*** Opening of Given data ***

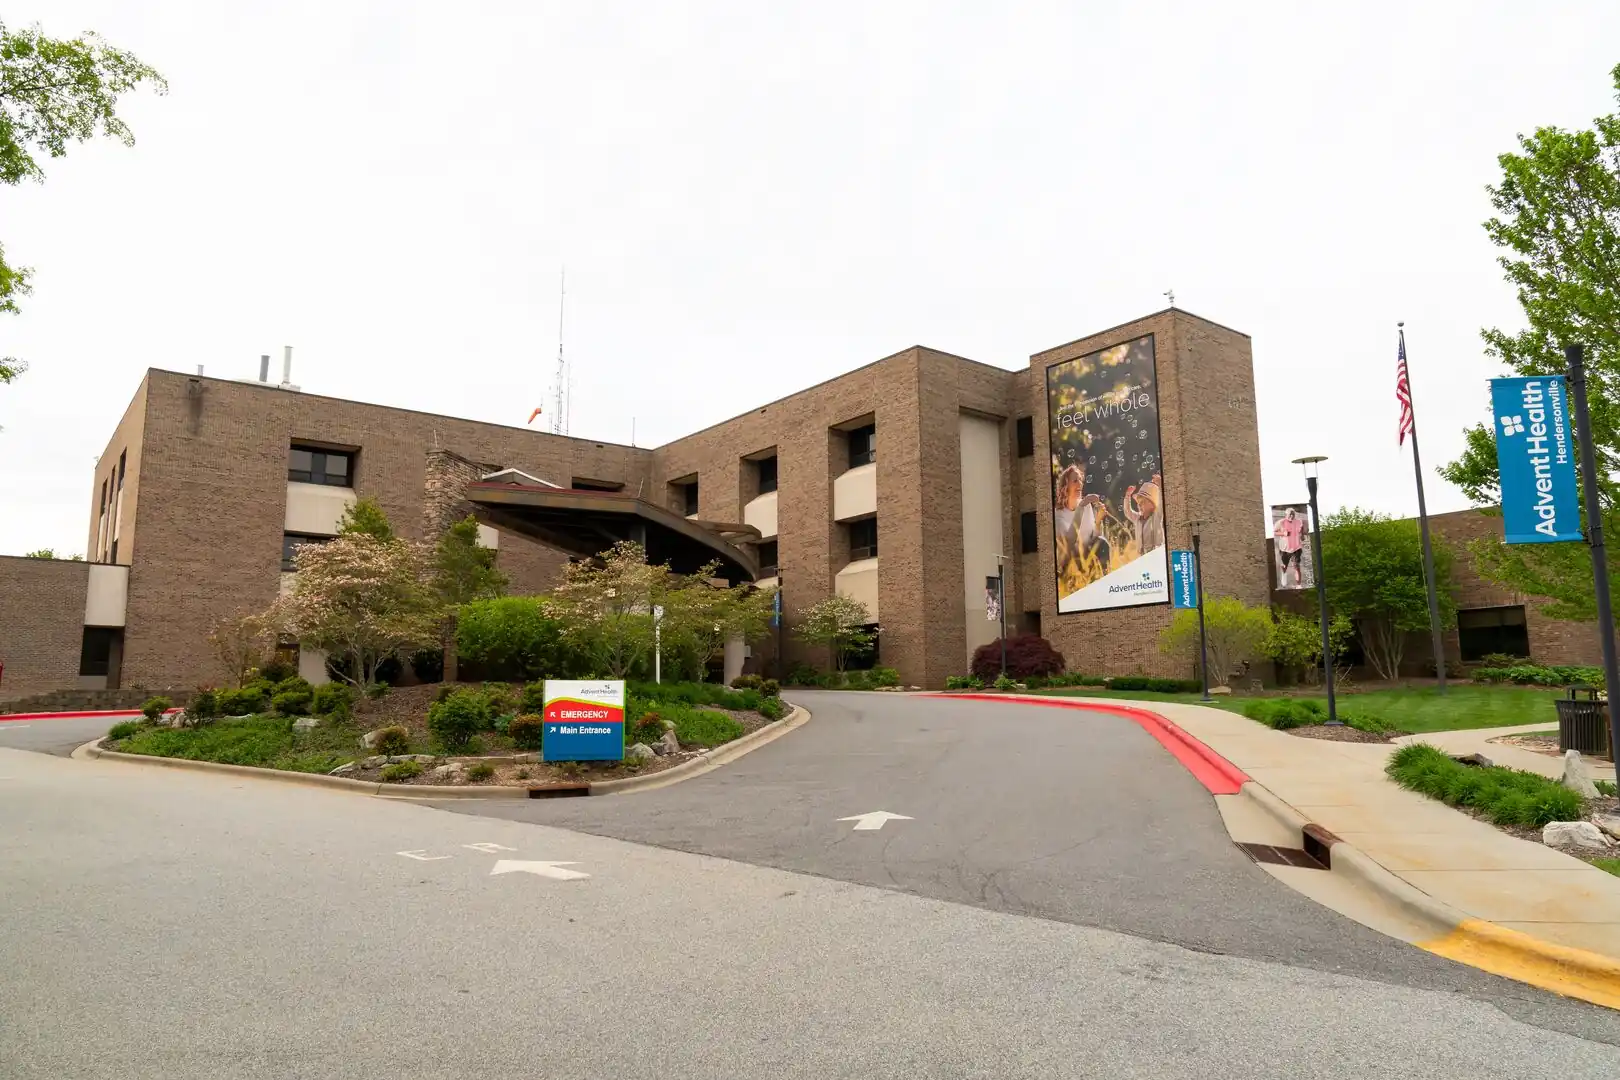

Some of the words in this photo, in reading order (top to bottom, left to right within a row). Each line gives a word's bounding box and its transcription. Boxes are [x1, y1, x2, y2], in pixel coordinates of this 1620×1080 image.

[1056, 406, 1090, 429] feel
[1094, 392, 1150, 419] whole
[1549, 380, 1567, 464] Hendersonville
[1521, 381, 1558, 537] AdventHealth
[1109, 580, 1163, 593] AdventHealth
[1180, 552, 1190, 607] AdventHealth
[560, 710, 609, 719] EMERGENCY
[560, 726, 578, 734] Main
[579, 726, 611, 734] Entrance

*** Close of Given data ***

Give back the material above exactly, but without its images.

Some of the words in this photo, in reading order (top to bottom, left to right within a row). Each line gives a word's bounding box and its transcription. Boxes are [x1, y1, x2, y2], in pixel coordinates of this 1620×1080 image.

[1056, 406, 1090, 429] feel
[1094, 392, 1150, 419] whole
[1549, 380, 1567, 464] Hendersonville
[1521, 381, 1558, 537] AdventHealth
[1109, 580, 1163, 593] AdventHealth
[1180, 552, 1190, 607] AdventHealth
[560, 710, 609, 719] EMERGENCY
[560, 726, 578, 734] Main
[579, 726, 611, 734] Entrance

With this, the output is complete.